*** MATERIAL PROVIDED ***

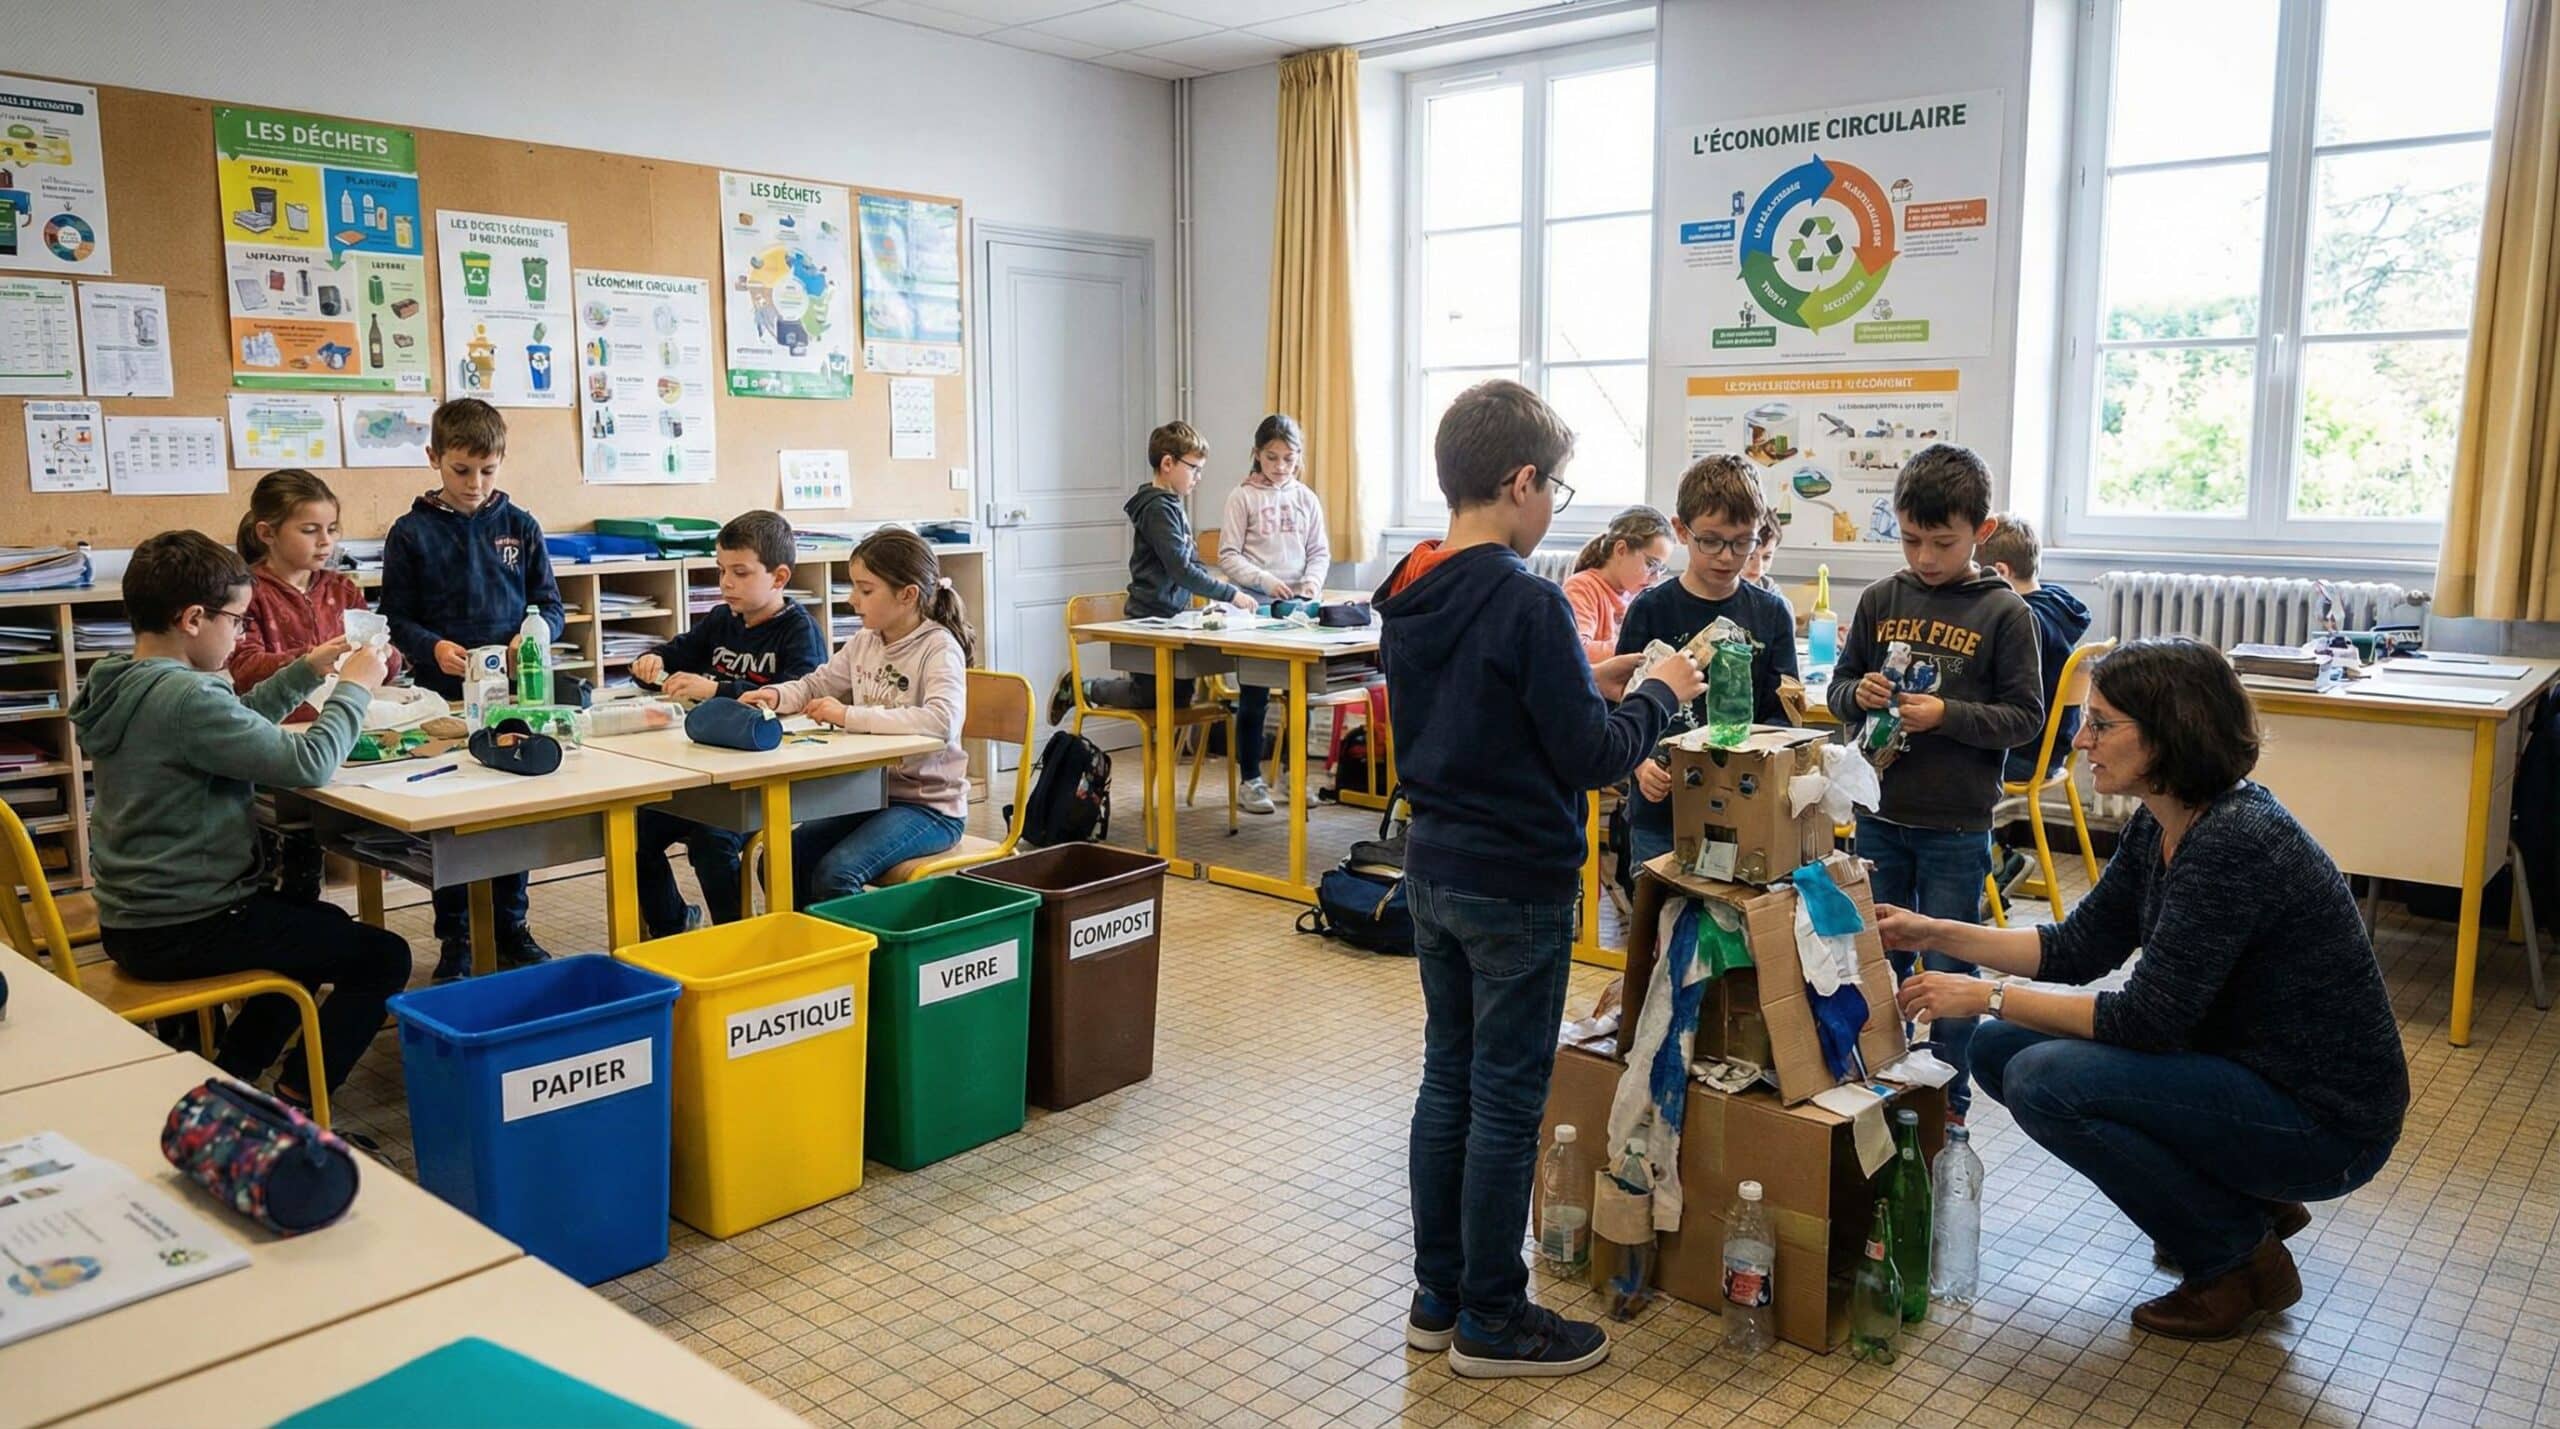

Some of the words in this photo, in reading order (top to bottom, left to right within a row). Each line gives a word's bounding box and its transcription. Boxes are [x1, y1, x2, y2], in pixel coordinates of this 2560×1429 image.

[245, 120, 286, 142] LES
[293, 123, 389, 155] DÉCHETS
[1693, 121, 1820, 155] L'ÉCONOMIE
[1826, 103, 1967, 140] CIRCULAIRE
[250, 165, 289, 177] PAPIER
[750, 182, 770, 198] LES
[773, 182, 822, 205] DÉCHETS
[1927, 620, 1982, 656] FIGE
[1073, 910, 1151, 948] COMPOST
[940, 956, 998, 989] VERRE
[730, 996, 852, 1048] PLASTIQUE
[532, 1058, 626, 1103] PAPIER
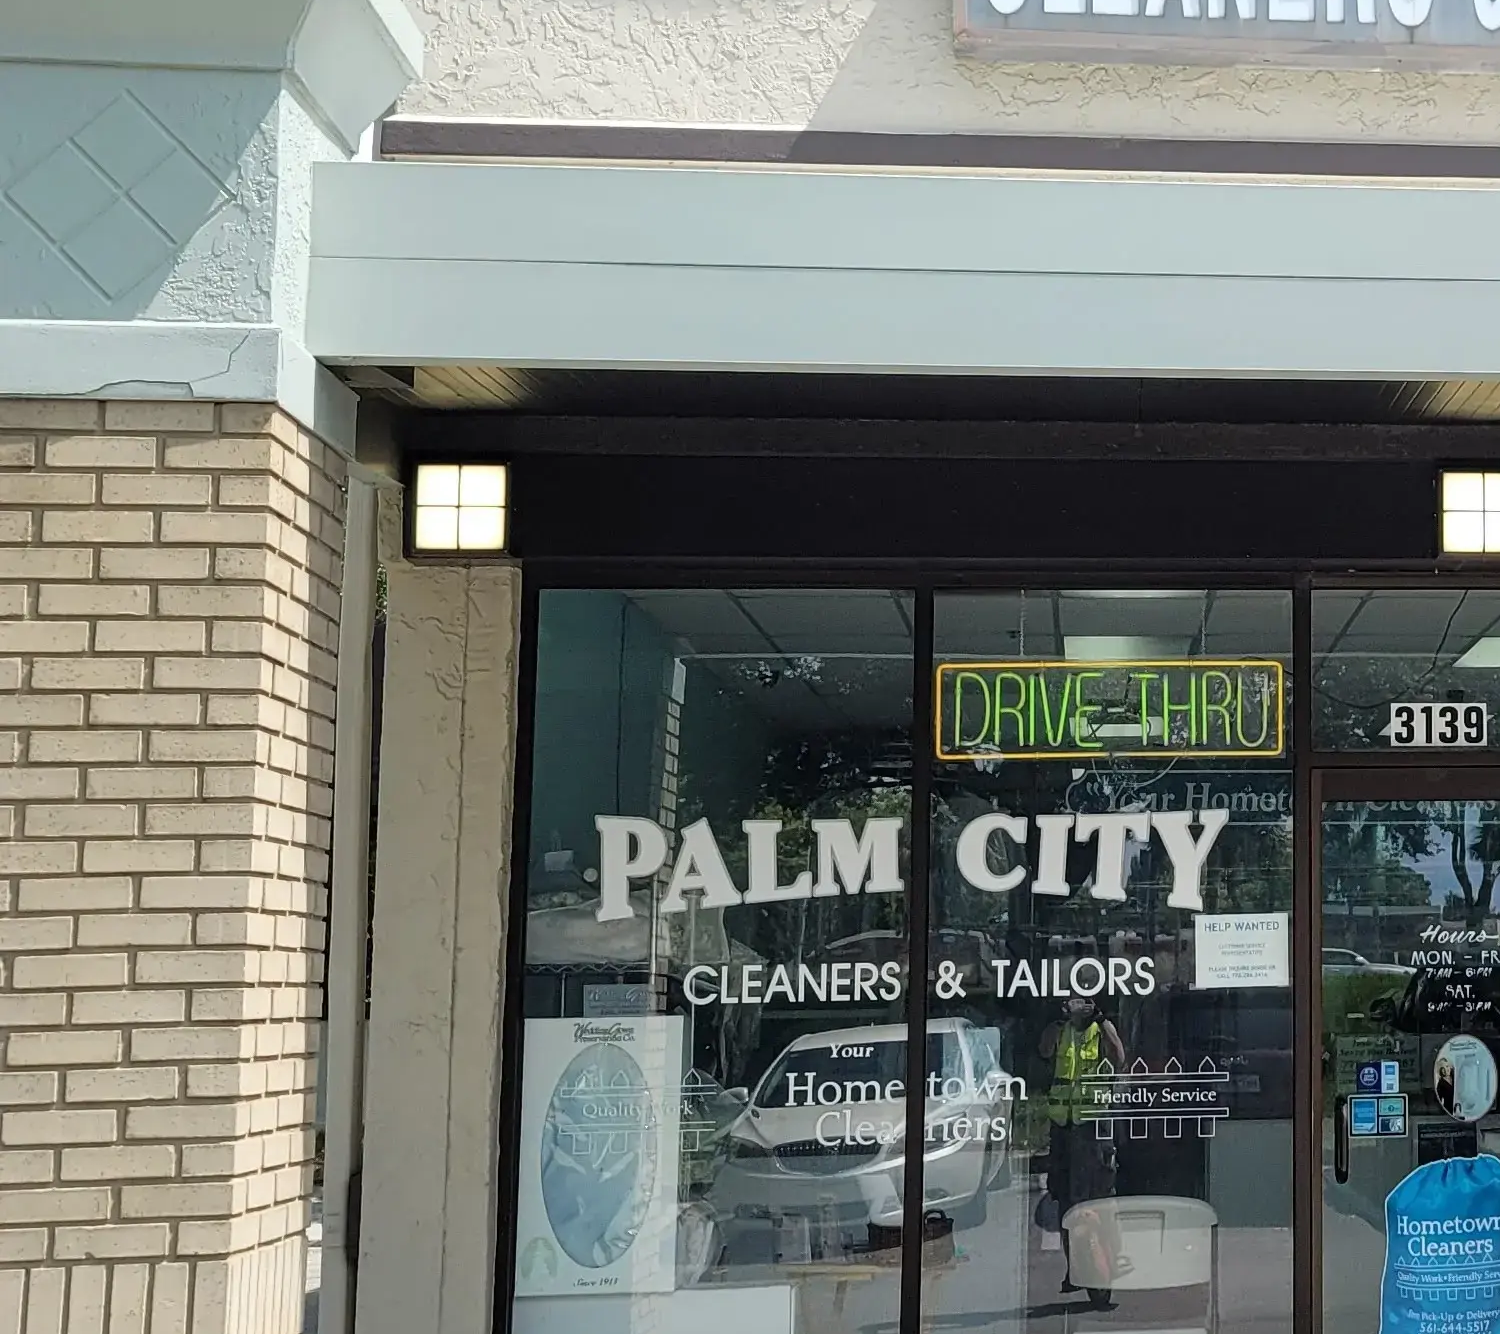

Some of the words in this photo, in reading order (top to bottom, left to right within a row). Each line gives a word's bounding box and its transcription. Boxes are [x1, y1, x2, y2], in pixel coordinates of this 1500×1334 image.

[1394, 705, 1484, 744] 3139
[594, 814, 905, 922] PALM
[956, 808, 1229, 911] CITY
[1204, 922, 1231, 933] HELP
[1234, 921, 1280, 932] WANTED
[1420, 924, 1499, 944] Hours
[1410, 950, 1456, 965] MON.
[683, 961, 901, 1005] CLEANERS
[935, 961, 966, 999] &
[992, 956, 1155, 998] TAILORS
[829, 1043, 875, 1059] Your
[1093, 1088, 1158, 1107] Friendly
[1161, 1087, 1217, 1103] Service
[582, 1101, 642, 1122] Quality
[1407, 1236, 1494, 1257] Cleaners
[1466, 1308, 1500, 1321] Delivery
[1419, 1320, 1490, 1334] 561-644-5517

*** End of MATERIAL PROVIDED ***

:: PROMPT ::
From the line that contains "this 1500×1334 image." down to the last line above, print each line exactly as it appears.

:: WRITTEN ANSWER ::
Some of the words in this photo, in reading order (top to bottom, left to right within a row). Each line gives a word's bounding box and its transcription. Boxes are [x1, y1, x2, y2], in pixel coordinates of this 1500×1334 image.

[1394, 705, 1484, 744] 3139
[594, 814, 905, 922] PALM
[956, 808, 1229, 911] CITY
[1204, 922, 1231, 933] HELP
[1234, 921, 1280, 932] WANTED
[1420, 924, 1499, 944] Hours
[1410, 950, 1456, 965] MON.
[683, 961, 901, 1005] CLEANERS
[935, 961, 966, 999] &
[992, 956, 1155, 998] TAILORS
[829, 1043, 875, 1059] Your
[1093, 1088, 1158, 1107] Friendly
[1161, 1087, 1217, 1103] Service
[582, 1101, 642, 1122] Quality
[1407, 1236, 1494, 1257] Cleaners
[1466, 1308, 1500, 1321] Delivery
[1419, 1320, 1490, 1334] 561-644-5517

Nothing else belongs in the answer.